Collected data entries
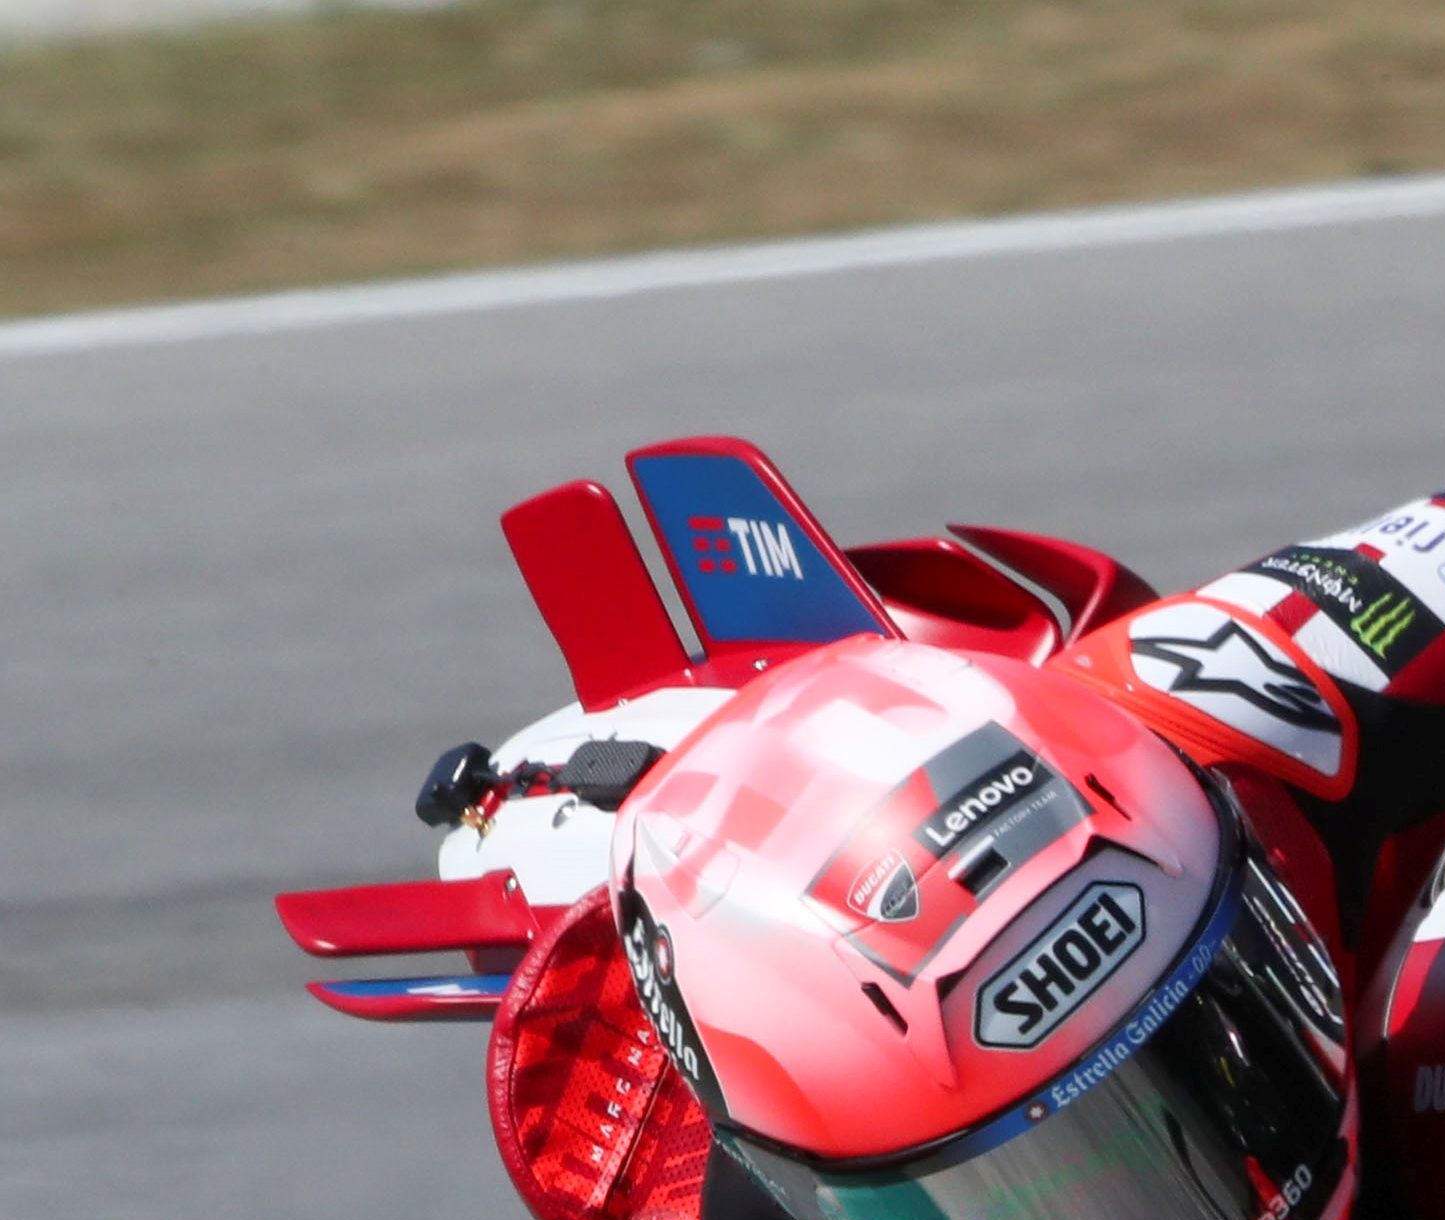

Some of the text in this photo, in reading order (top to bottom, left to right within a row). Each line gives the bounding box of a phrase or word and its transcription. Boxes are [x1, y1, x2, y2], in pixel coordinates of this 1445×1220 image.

[726, 516, 805, 580] TIM
[924, 764, 1034, 848] Lenovo
[992, 891, 1137, 1036] SHOEI
[1050, 1041, 1131, 1108] Estrella
[1125, 977, 1190, 1046] Galicia

TASK:
The answer must be an exact copy of the records above, with the pictures left out.

SOLVED EXERCISE:
Some of the text in this photo, in reading order (top to bottom, left to right within a row). Each line gives the bounding box of a phrase or word and its transcription. Boxes are [x1, y1, x2, y2], in pixel coordinates of this 1445×1220 image.

[726, 516, 805, 580] TIM
[924, 764, 1034, 848] Lenovo
[992, 891, 1137, 1036] SHOEI
[1050, 1041, 1131, 1108] Estrella
[1125, 977, 1190, 1046] Galicia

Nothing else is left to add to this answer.